On the other hand, I also got the clear message from my employer (and many colleagues) that this is not the kind of writing they value, and that if I hope to advance professionally, I’d be better off giving it up, scrambling back into the ivory tower and devoting myself to a very different model of literary criticism. I actually wrote thousands of words in 2016 trying to turn this judgment around — attempting to persuade people on campus (none of them, ironically, actually literary critics of any kind) to recognize my essays and reviews, and the other elements of my diverse portfolio of projects and publications, as worthwhile contributions to my academic discipline. Of all the writing I did this year, this was the least pleasant, and ultimately the least rewarding.

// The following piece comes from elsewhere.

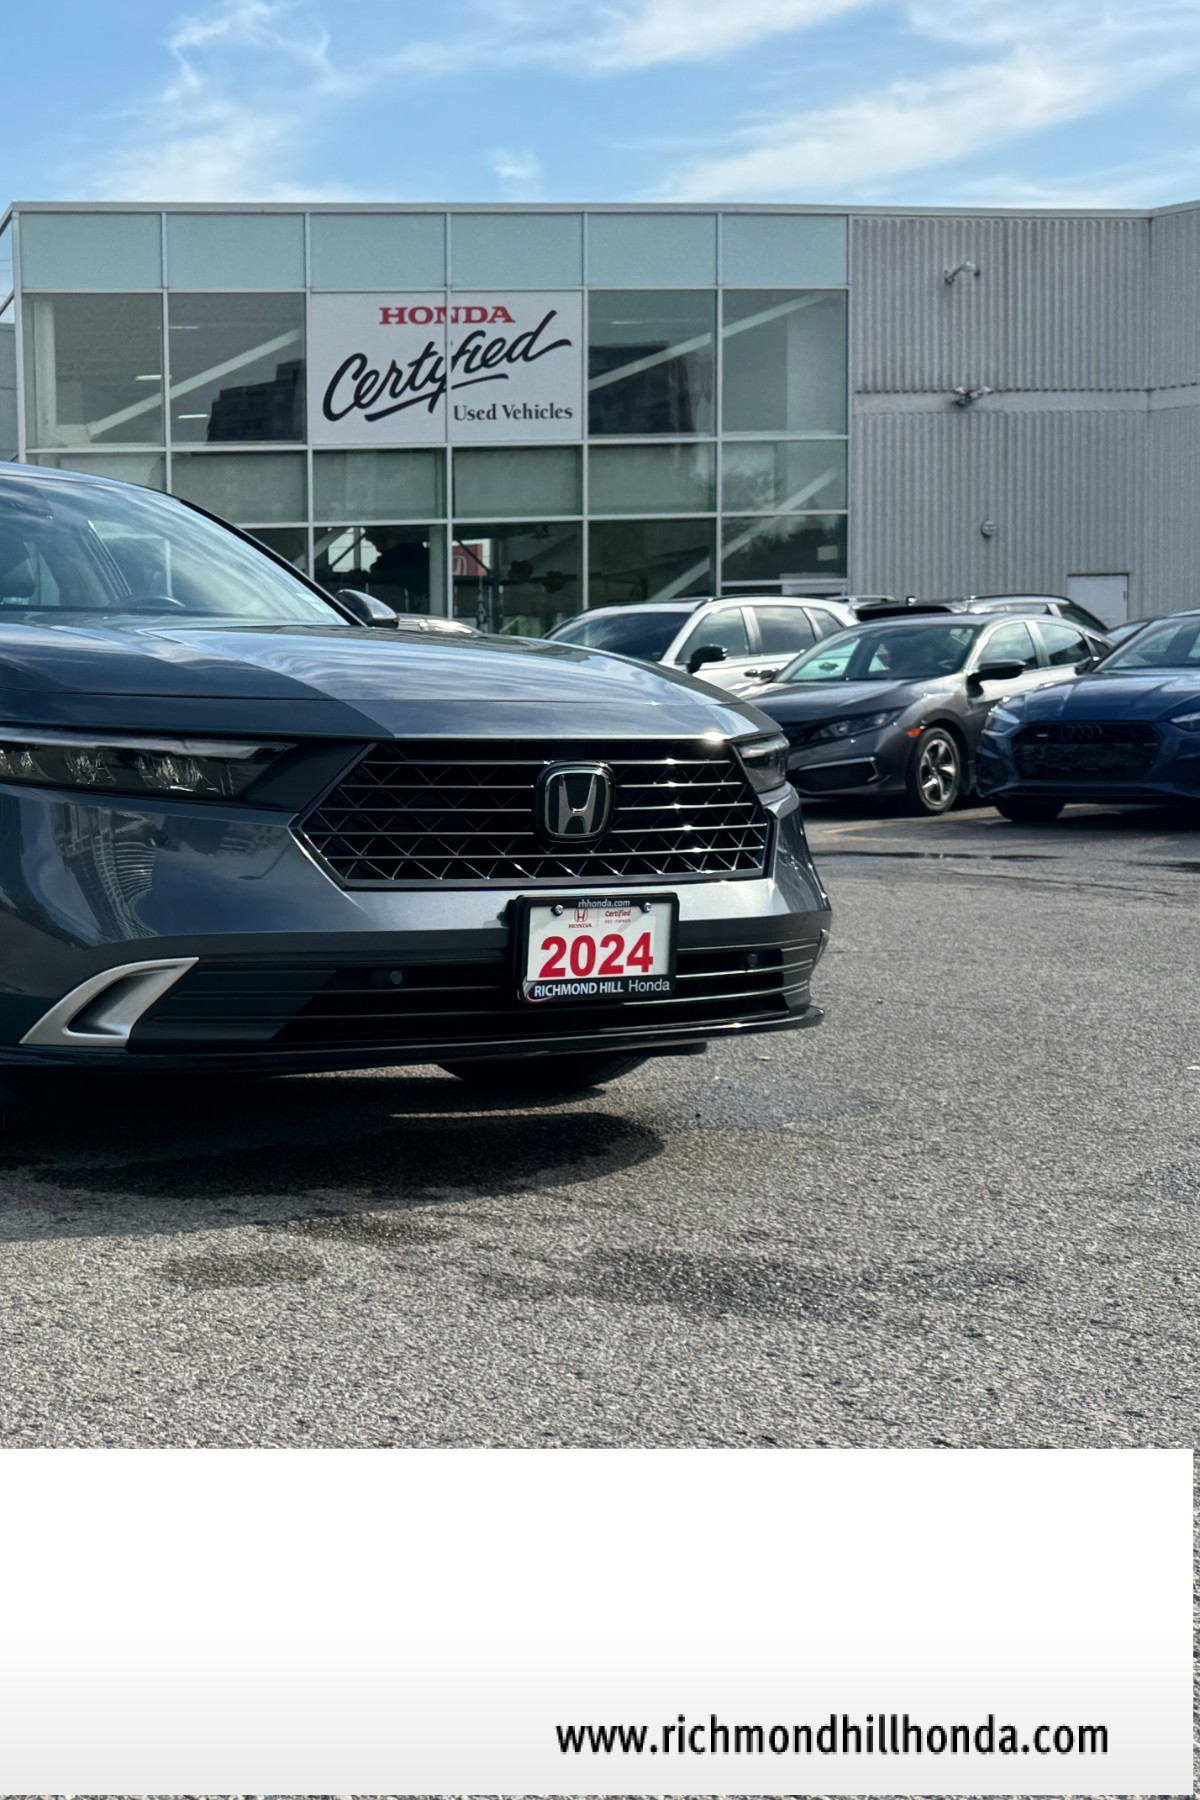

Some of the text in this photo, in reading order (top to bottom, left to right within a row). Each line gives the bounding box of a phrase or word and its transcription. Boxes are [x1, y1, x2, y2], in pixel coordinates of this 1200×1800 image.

Where does this leave me? Well, mostly it leaves me wondering how much more writing about literature I could have done in 2016 if I hadn’t wasted so much time (and, perhaps even more relevant, so much angst and energy) on a futile quest to change academic priorities — even if it did initially seem as if I was just urging everyone to live up to their oft-stated commitment to outreach, public engagement, and innovation. It certainly hasn’t persuaded me to do as I was told: I’m not against academics doing specialized research leading to peer-reviewed publications in academic venues, but I strongly believe enough academics in my field are doing this already and that it is both right and imperative that universities loosen their grip and encourage, support, and even reward faculty who do other kinds of work as appropriate to their disciplines.
Institutional issues aside, I feel as if I made a lot of progress as a writer this year. Book reviews are not the be-all and end-all of my writing ambitions: I would particularly like to write more, longer, better, wider-ranging essays. I wasn’t able to do much of that this year, but the reviewing I’m doing is both honing my skills and helping me build up my credibility (one interesting and humbling thing about writing outside the academy is that my formal credentials and my academic c.v. mean very little “out here,” where authority is something you have to earn in other ways). I hope that in 2017 I will keep moving forward — both as a reviewer and as an essayist. This includes hoping that I make more progress compiling my existing essays on George Eliot into a book: now that I’ve self-published one e-book, I feel emboldened about doing another.
There’s a complete list of my publications under the ‘Other Writing’ tab above. Here I’ll just mention a few from 2016 that stand out to me, for one reason or another.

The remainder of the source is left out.